Research

Buzzards

After 600 years of persecution, during which dramatic population fluctuations occurred, common buzzards are increasing in abundance and recolonizing most of lowland UK. But recovery is bringing them to the heart of a controversy. Once again, game-managers and poultry farmers blame buzzards for killing stock and thus harming livelihoods. To better understand buzzard biology and assess their impact on wildlife and domestic stock, field data and well-established and innovative modelling techniques were used. It was noted that phylopatry resulted in a naturally slow rate of buzzard population expansion, while habitat availability now limits population abundance. The impact of buzzard predations on released pheasants was found be variable but typically small, and it was also found that high predation can be reduced with simple pen management measures.
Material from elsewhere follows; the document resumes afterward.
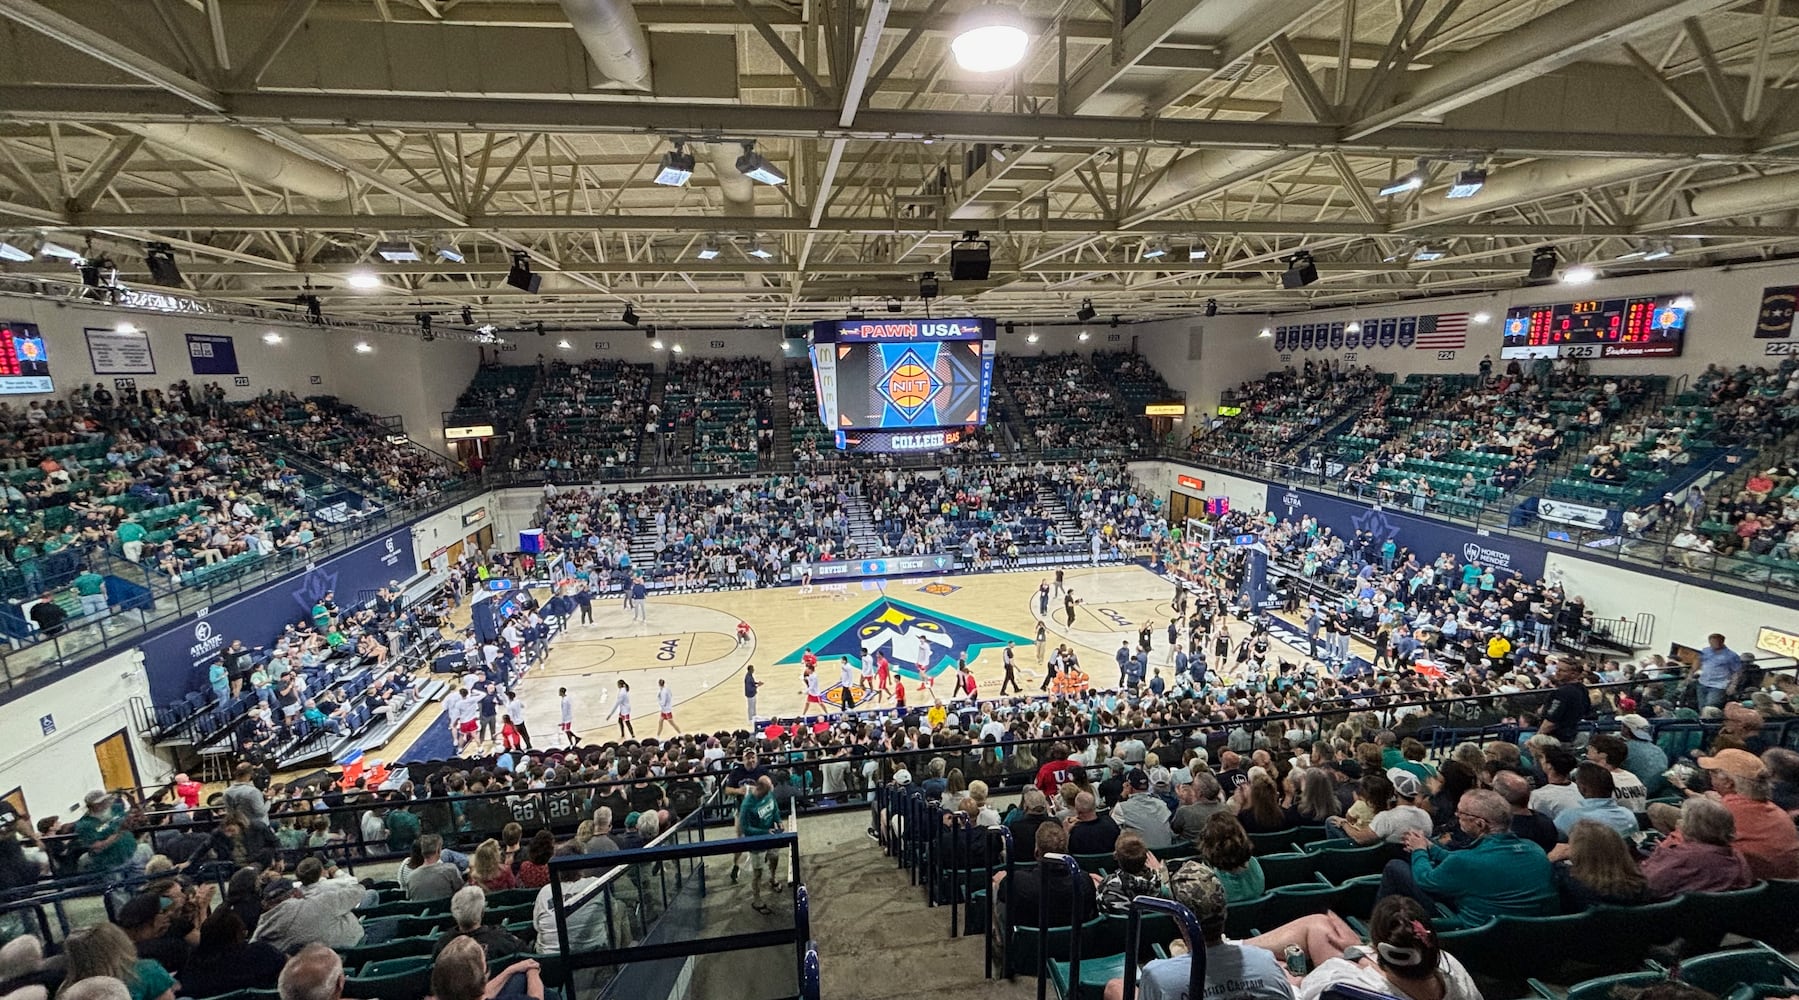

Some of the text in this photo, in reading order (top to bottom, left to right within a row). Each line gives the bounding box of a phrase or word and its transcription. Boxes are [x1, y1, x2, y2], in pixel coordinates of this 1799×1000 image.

Licensed translocation of ‘problem’ buzzards may also be an option, but only if accompanied by improvements in management to avert re-colonizing buzzards from also developing a livelihood-harming diet. The worry is, however, that concern about translocation of raptors risks diverting public opinion from the more serious issues of poor land use and climate change.

Eduardo Arraut
David W. Macdonald
Robert E. Kenward

References

Arraut, E.M., Macdonald, D.W., Kenward, R.E. 2015. In the wake of buzzards: from modelling to conservation and management in a changing landscape. In: Wildlife Conservation on Farmland. Eds: D.W. Macdonald & R.E. Feber. Oxford University Press.